Sampah yang dikeruk dari saluran drainase di samping warung Ayam Bawang Cak Per, nampak begitu menumpuk banyak (foto: DPUPRPKP for MalangTIMES)
Sampah yang dikeruk dari saluran drainase di samping warung Ayam Bawang Cak Per, nampak begitu menumpuk banyak (foto: DPUPRPKP for MalangTIMES)

MALANGTIMES - Sampah lagi-lagi menjadi persoalan utama penyebab tersumbatnya saluran drainase di Kota Malang. Sebab dalam normalisasi, Satgas Dinas Pekerjaan Umum Penataan Ruang Perumahan dan Kawasan Permukiman (DPUPRPKP) Kota Malang, kerap kali selalu menemukan sampah.

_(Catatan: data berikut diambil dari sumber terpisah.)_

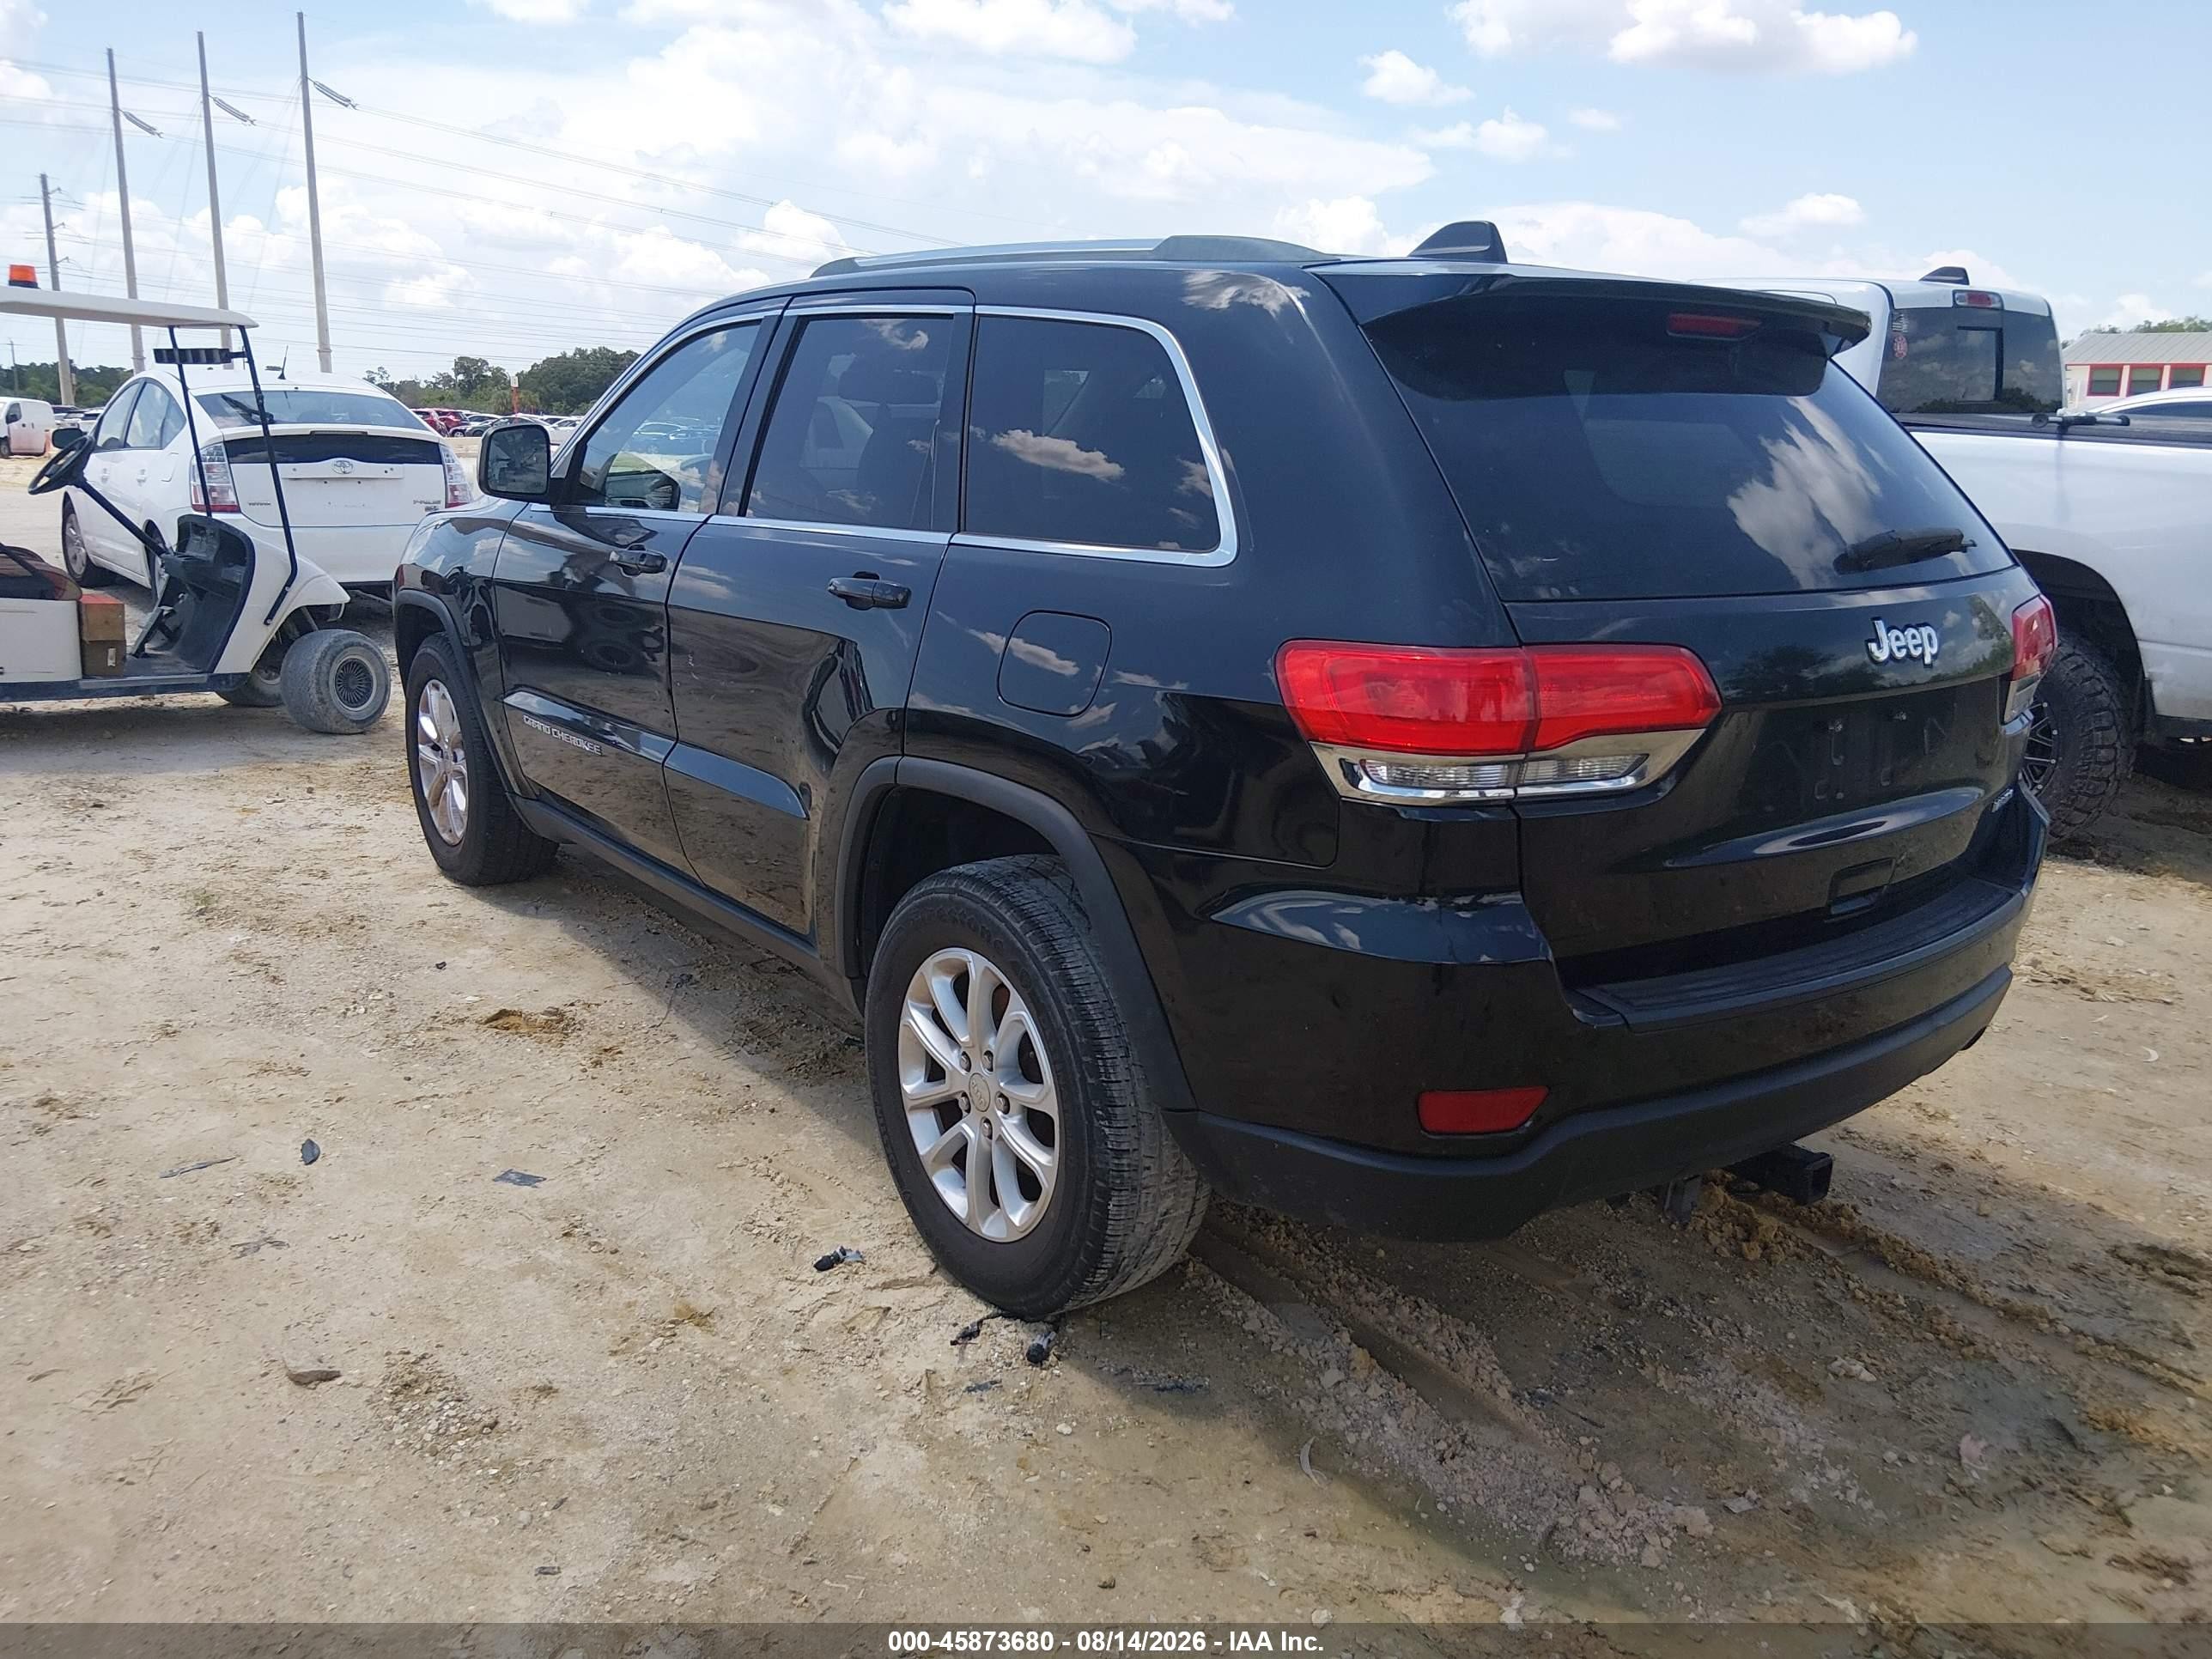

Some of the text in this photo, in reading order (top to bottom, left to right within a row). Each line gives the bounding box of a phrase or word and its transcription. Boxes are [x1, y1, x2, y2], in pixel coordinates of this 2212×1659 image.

Seperti halnya temuan dari Satgas DPUPRPKP Kota Malang saat melakukan normalisasi saluran di kawasan Jalan Soekarno Hatta, Kelurahan Jatimulyo, Kecamatan Lowokwaru, Kota Malang, Rabu (4/11/2020).

Baca Juga : Hampir Rampung, Pengelolaan Sampah Ramah Lingkungan di Supit Urang Ditarget Operasi 2021

Saat melakukan normalisasi pada lokasi kawasan Jalan Soekarno Hatta, tepatnya di samping warung Ayam Bawang Cak Per, lagi-lagi Satgas DPUPRPKP mengeruk berbagai macam jenis sampah plastik dari saluran air.

Sebelum dikeruk, dampak sampah yang menyumbat tersebut membuat aliran air tak bisa mengalir secara lancar. Akibatnya ketika hujan tiba, air meluber dan menggenang hingga ke badan jalan. Tak pelak hal itu mengganggu aktivitas masyarakat dan rentan untuk merusak aspal jalan.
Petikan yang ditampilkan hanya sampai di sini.